* _Problem details_
Each record below should be returned word for word, with no pictures included.

* _Record excerpts_
================================
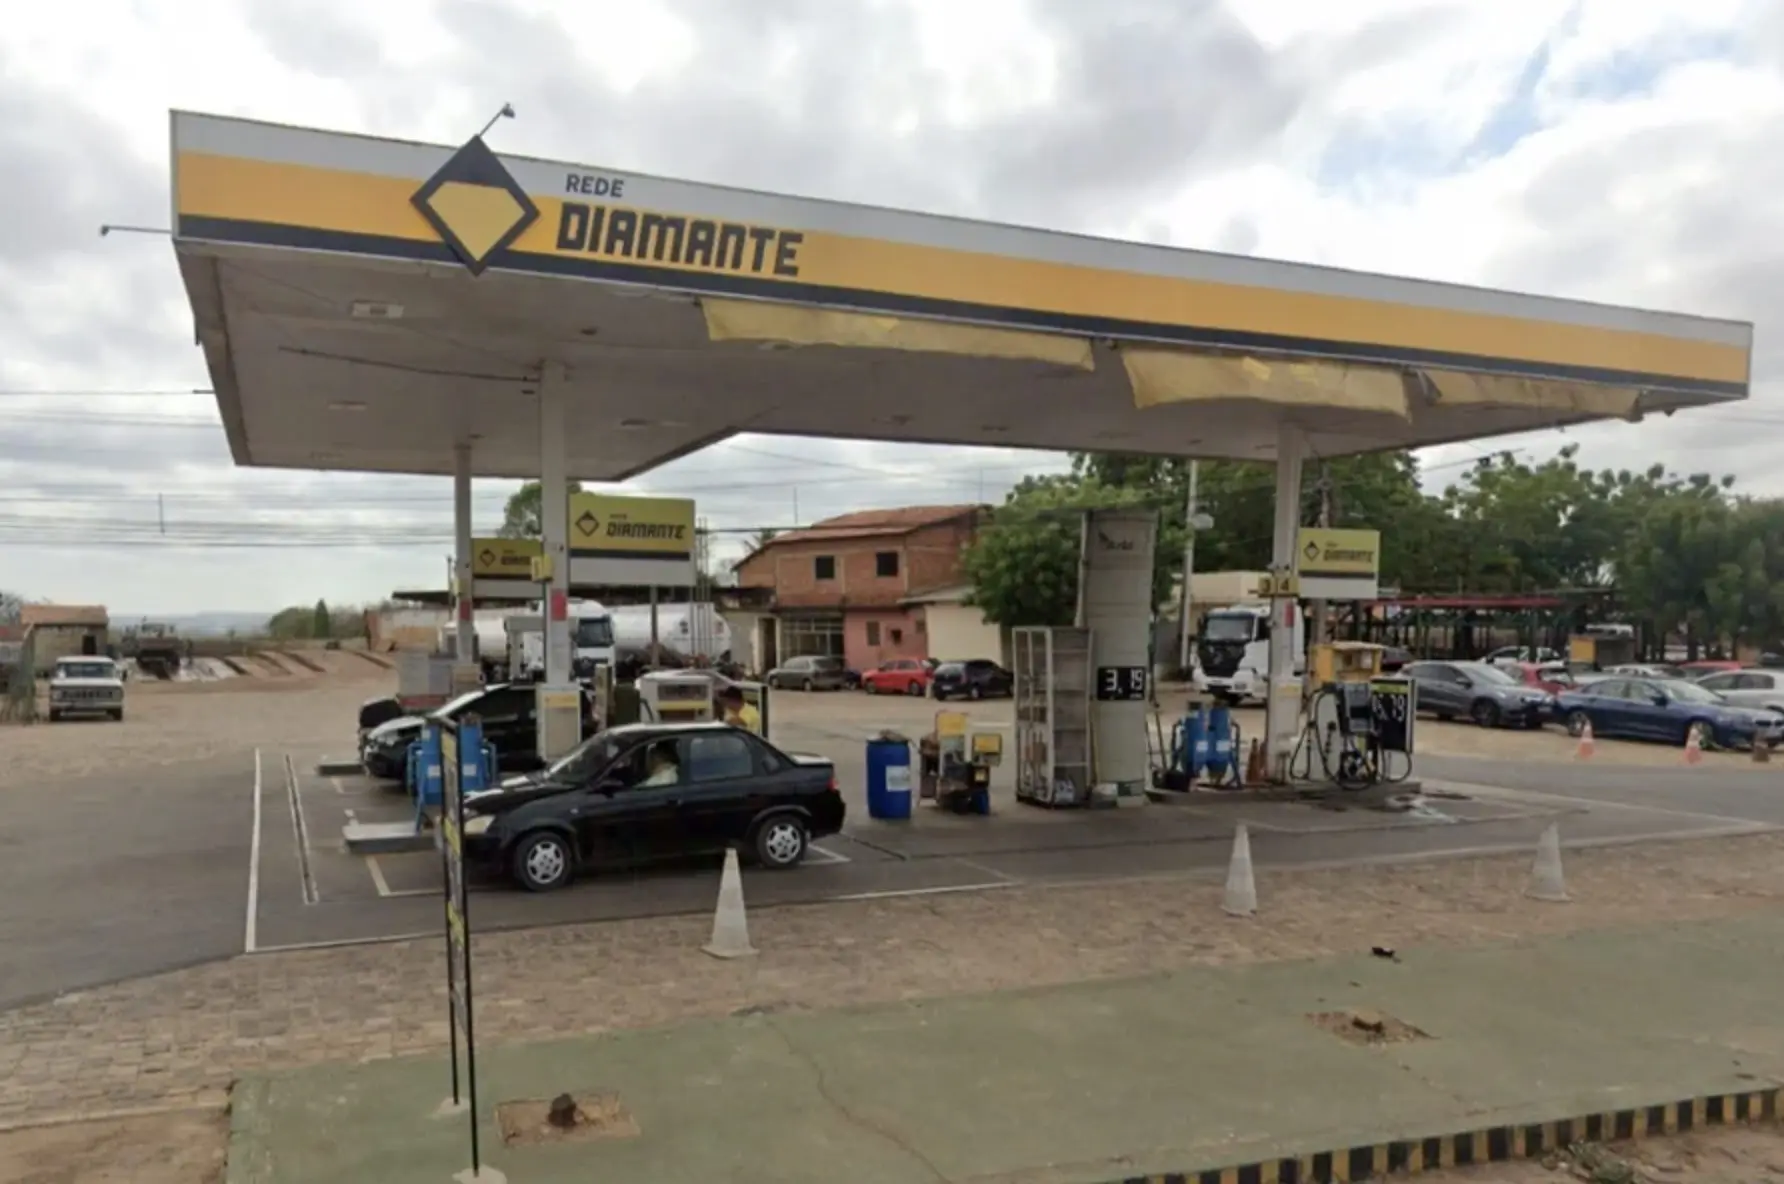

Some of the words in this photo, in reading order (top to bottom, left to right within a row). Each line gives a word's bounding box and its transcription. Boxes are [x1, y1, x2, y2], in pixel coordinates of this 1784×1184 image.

[565, 174, 624, 199] REDE
[556, 202, 804, 276] DIAMANTE
[606, 521, 686, 540] DIAMANTE
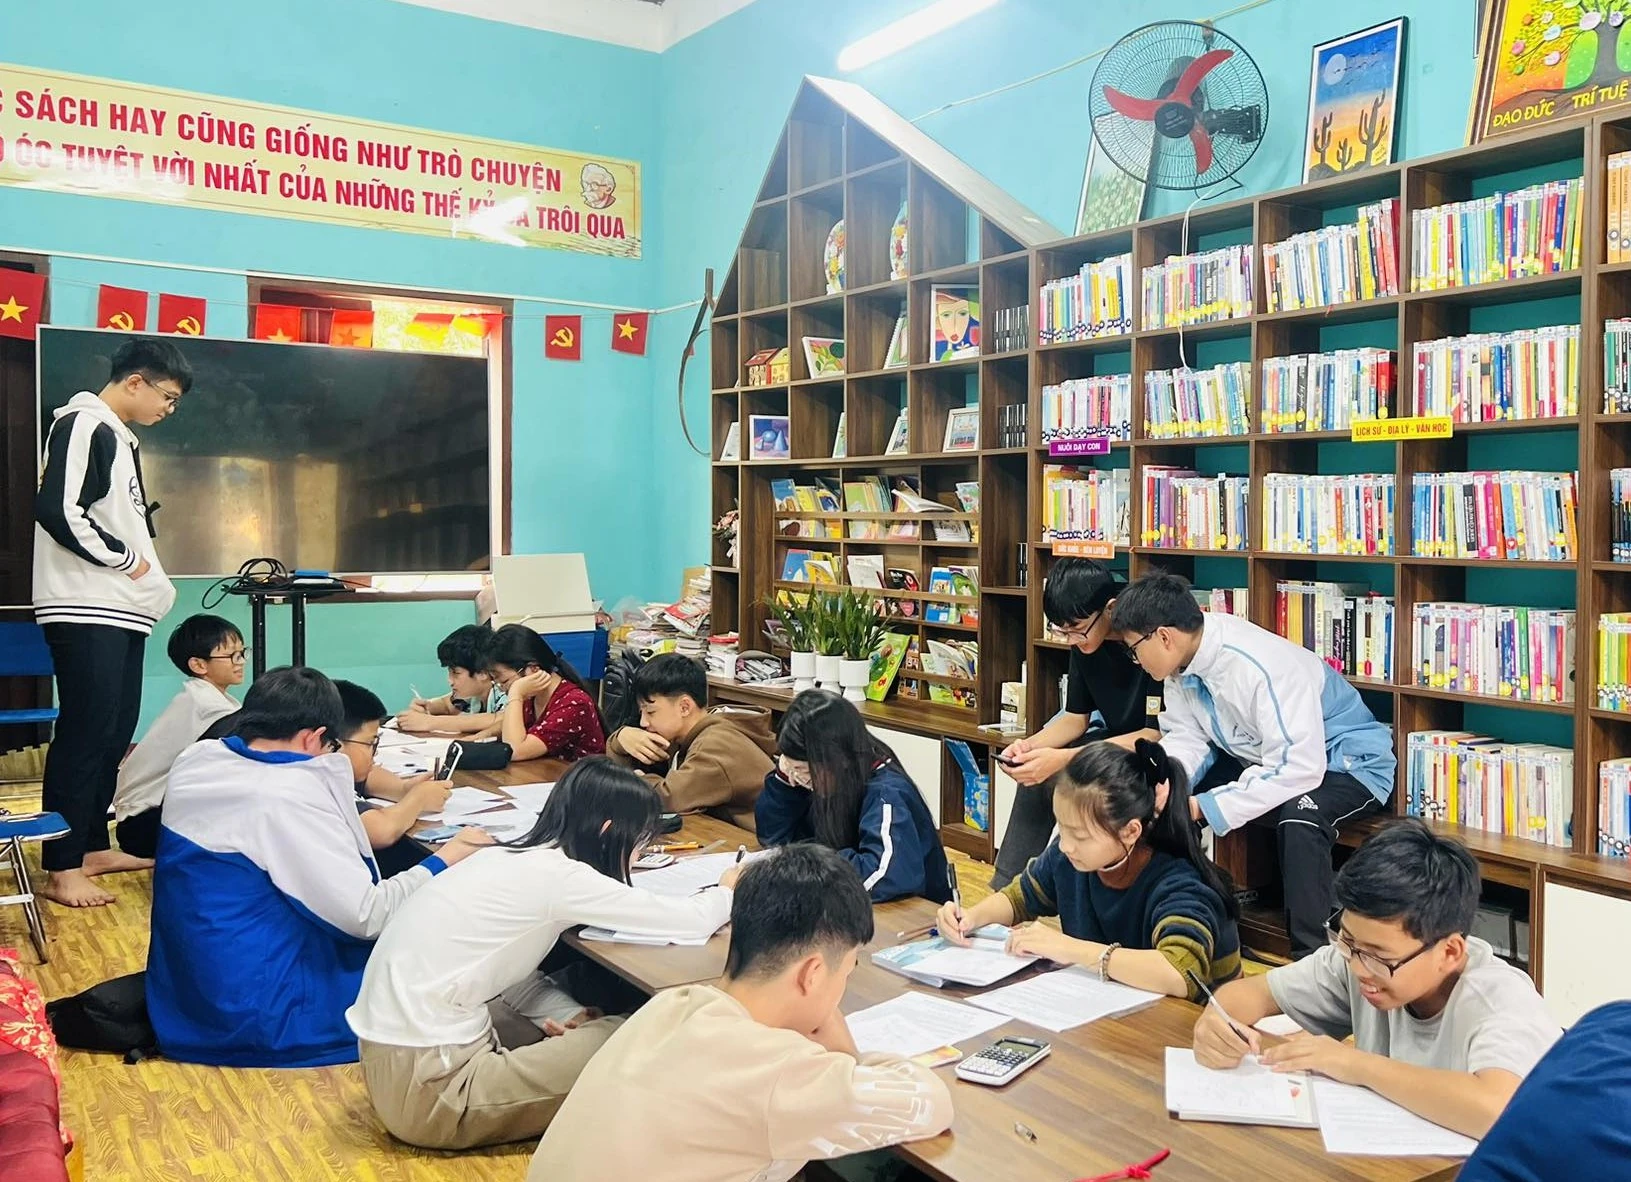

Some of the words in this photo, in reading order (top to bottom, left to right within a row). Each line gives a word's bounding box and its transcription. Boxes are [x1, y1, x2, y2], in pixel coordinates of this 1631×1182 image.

[1493, 109, 1522, 127] ĐẠO
[1524, 98, 1555, 120] ĐỨC
[1572, 85, 1599, 109] TRÍ
[1599, 80, 1629, 102] TUỆ
[16, 88, 98, 127] SÁCH
[110, 103, 166, 136] HAY
[178, 111, 255, 149] CŨNG
[266, 123, 348, 162] GIỐNG
[357, 140, 412, 171] NHƯ
[417, 148, 462, 178] TRÒ
[471, 157, 561, 194] CHUYỆN
[153, 151, 195, 186] VỜI
[204, 159, 270, 195] NHẤT
[279, 163, 327, 204] CỦA
[336, 178, 415, 213] NHỮNG
[422, 187, 462, 219] THẾ
[536, 205, 579, 234] TRÔI
[587, 213, 625, 240] QUA
[1087, 442, 1101, 450] CON
================================
* _Answer space_
Some of the words in this photo, in reading order (top to bottom, left to right within a row). Each line gives a word's bounding box and its transcription. Boxes are [x1, y1, x2, y2], in pixel coordinates of this 1784×1184 image.

[565, 174, 624, 199] REDE
[556, 202, 804, 276] DIAMANTE
[606, 521, 686, 540] DIAMANTE

Some of the words in this photo, in reading order (top to bottom, left to right within a row). Each line gives a word's bounding box and its transcription. Boxes are [x1, y1, x2, y2], in pixel coordinates of this 1631×1182 image.

[1493, 109, 1522, 127] ĐẠO
[1524, 98, 1555, 120] ĐỨC
[1572, 85, 1599, 109] TRÍ
[1599, 80, 1629, 102] TUỆ
[16, 88, 98, 127] SÁCH
[110, 103, 166, 136] HAY
[178, 111, 255, 149] CŨNG
[266, 123, 348, 162] GIỐNG
[357, 140, 412, 171] NHƯ
[417, 148, 462, 178] TRÒ
[471, 157, 561, 194] CHUYỆN
[153, 151, 195, 186] VỜI
[204, 159, 270, 195] NHẤT
[279, 163, 327, 204] CỦA
[336, 178, 415, 213] NHỮNG
[422, 187, 462, 219] THẾ
[536, 205, 579, 234] TRÔI
[587, 213, 625, 240] QUA
[1087, 442, 1101, 450] CON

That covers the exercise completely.